Divertissement Culture LeBel accuse la CAQ de laisser tomber les artistes

LeBel accuse la CAQ de laisser tomber les artistes

Le député de Rimouski à l’Assemblée nationale, Harold LeBel, estime que le gouvernement de la Coalition Avenir Québec (CAQ) laisse tomber les artistes du Québec qui sont grandement touchés par la pandémie.

« À la lecture de publications sur les réseaux sociaux de plusieurs artistes de la région, ces hommes et ces femmes qui font vivre la culture régionale et nationale se sentent aujourd’hui trahis par le gouvernement de la CAQ qui renie son engagement électoral de réviser les lois sur le statut de l’artiste au cours du présent mandat », mentionne communiqué émis hier par le bureau du député.
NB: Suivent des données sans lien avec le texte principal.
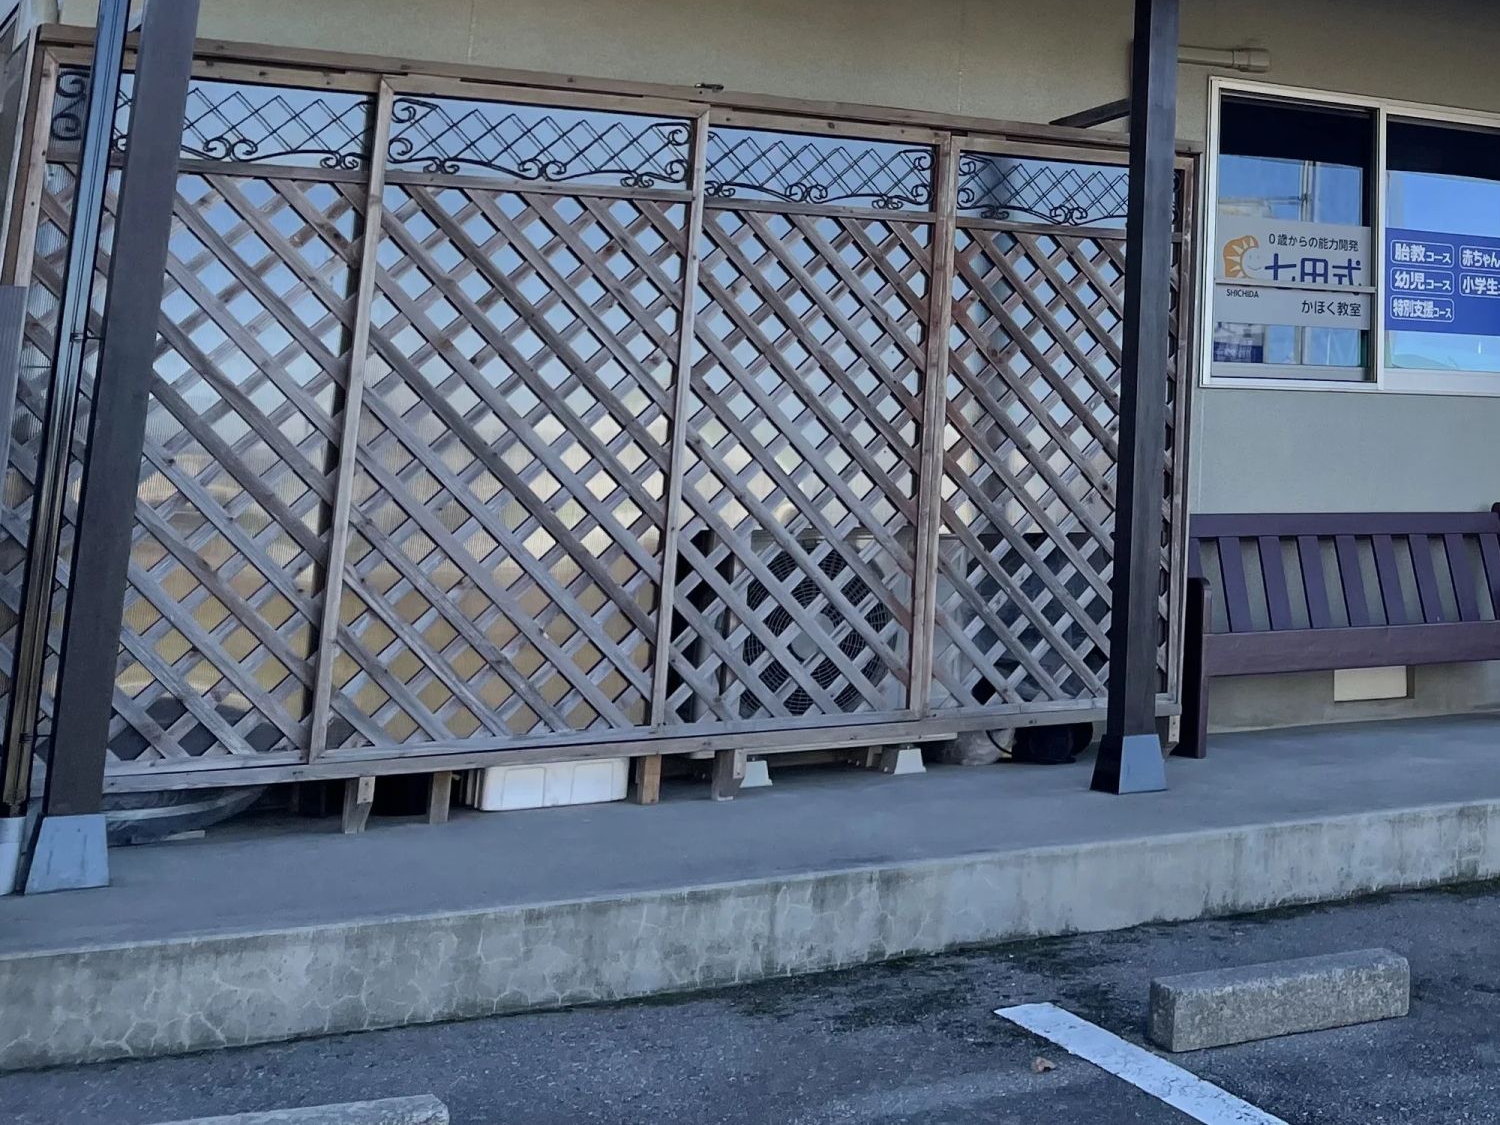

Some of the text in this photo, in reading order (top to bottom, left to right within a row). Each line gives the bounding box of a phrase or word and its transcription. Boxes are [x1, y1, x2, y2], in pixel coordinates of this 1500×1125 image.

[1394, 243, 1451, 263] 胎教コース
[1265, 253, 1361, 295] 七田式
[1394, 271, 1451, 291] 幼児コース
[1226, 288, 1259, 298] SHICHIDA
[1301, 299, 1361, 317] かほく教室
[1393, 299, 1452, 318] 特別支援コース
« C’était pourtant une promesse électorale ferme de la Coalition avenir Québec (CAQ) qui forme le gouvernement depuis 2018. C’était aussi une priorité de la politique culturelle adoptée par le gouvernement libéral précédent et endossée par la suite par le gouvernement caquiste », rappelle également le communiqué.
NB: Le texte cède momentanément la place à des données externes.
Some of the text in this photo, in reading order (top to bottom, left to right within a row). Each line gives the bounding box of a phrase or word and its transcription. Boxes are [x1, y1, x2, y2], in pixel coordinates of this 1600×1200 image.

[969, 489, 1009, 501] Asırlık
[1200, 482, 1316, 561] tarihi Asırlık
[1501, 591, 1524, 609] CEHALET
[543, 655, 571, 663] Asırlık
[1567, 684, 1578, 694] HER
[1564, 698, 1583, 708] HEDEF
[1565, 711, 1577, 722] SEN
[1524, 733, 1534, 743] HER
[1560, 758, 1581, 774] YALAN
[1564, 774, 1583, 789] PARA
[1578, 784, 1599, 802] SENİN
Le député LeBel soutient que l’affirmation suivante de la ministre de la Culture et des Communications, Nathalie Roy, a été répétée de nombreuses fois : « C’est une promesse électorale et on va la remplir ». 


Moderniser

« Sa déclaration de respecter sa promesse était de moderniser les deux lois sur le statut de l’artiste, adoptées en 1987 et 1988, d’ici la fin du mandat de la CAQ, en octobre 2022, voilà c’est tout. Renoncer à cette promesse, c’est trahir le milieu culturel québécois », affirme le député de Rimouski, Harold LeBel.



Ces deux lois encadrent les conditions de travail des artistes, et il y a consensus à l’effet qu’elles ont besoin d’être actualisées et davantage collées à la réalité d’aujourd’hui pour leur assurer un revenu décent. La première vise les artistes de la scène, du disque et du cinéma, tandis que la seconde encadre les artistes des arts visuels, des métiers d’art et de la littérature.

La revendication du milieu culturel pour une refonte de ces lois est d’assurer des conditions de travail minimales aux artistes qui datent d’une dizaine d’années.


« Je peux comprendre l’exaspération de nos artistes. J’encourage ceux et celles qui sont aujourd’hui déçus à faire connaître leurs opinions comme plusieurs le fond actuellement via les réseaux sociaux. Bien entendu, le faire respectueusement. De mon côté j’entends bien relayer à la ministre ce sentiment des artistes de chez nous provoqué par le non-respect d’un engagement pourtant clair », fait enfin savoir Harold LeBel.